Step 4: Removing mutual dependencies from the relation will result in Third Normal Form (3NF). If an attribute of a relation is mutually dependent upon another attribute, then these attributes must be removed into another relation. A foreign key will indicate the relationship between the two relations. For example, in the 3NF table above, DEPT NAME is mutually dependent upon DEPT NO. The DEPT NO will remain in the employee relation, and a new relation will be created for the DEPT NO and DEPT NAME. DEPT NO in the employee relation will become the foreign key.
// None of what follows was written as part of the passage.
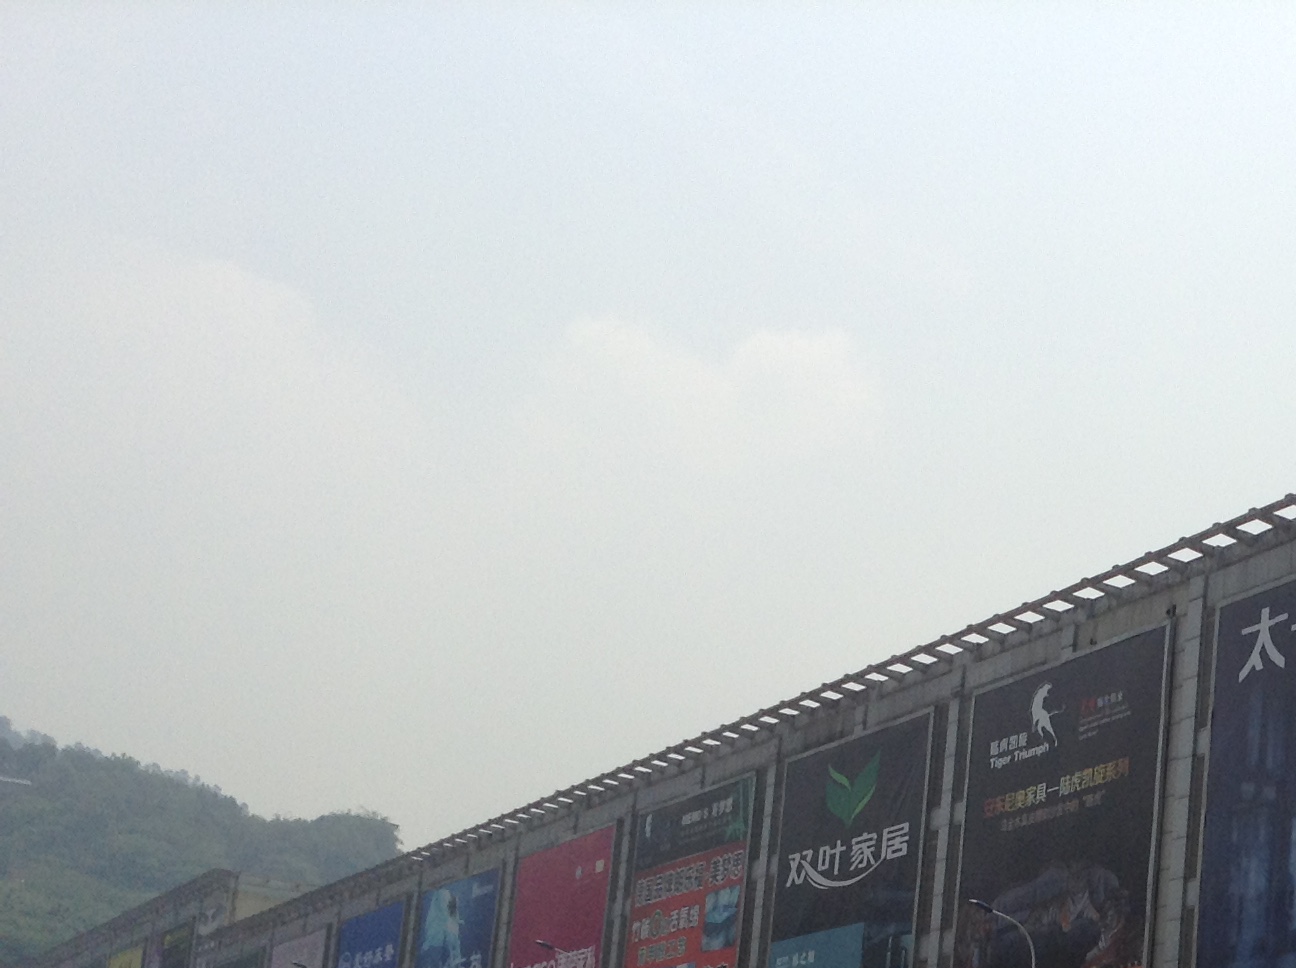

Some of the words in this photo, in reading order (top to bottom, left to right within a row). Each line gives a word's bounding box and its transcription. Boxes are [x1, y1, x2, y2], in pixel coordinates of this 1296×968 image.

[1014, 742, 1049, 761] Triumph
[786, 822, 910, 888] 双叶家居
Normalized data models are often referred to as relational models. However, star schemas and snowflake schemas may also be implemented on top of relational data base management systems. Normalization is the process of removing redundancy in data by separating the data into multiple tables thus designing for efficient and reliable single record access. Relational database theorists have created rules by which degree of normalization is measured. These degrees are called normal forms , with the minimum degree of normalization commonly accepted as 3 rd normal form. Often degree of normalization beyond 3 rd normal form is sacrificed due to hardware limitations. A properly normalized relational data model allows the efficient use of storage space, elimination of redundant data, reduction or elimination of inconsistent data, and minimization of the data maintenance burden. However, an “over normalized” data model may cause performance concerns. Accessing the data requires large table joins, which slows response time. Normalized data models will be in 3 rd Normal Form when the following are true: Repeating groups of data are removed (1 st normal form) Redundant data is removed (2 nd normal form) Attributes of an entity depend upon the key, the whole key, and nothing but the key. Once the model has been normalized to at least 3 rd Normal Form, then the following are true: The structure is remarkably insensitive to change. Structural paths for accessing information are very clear. Create, Report, Update and Delete anomalies are eliminated. Performance can be an issue. The structure can be very complex.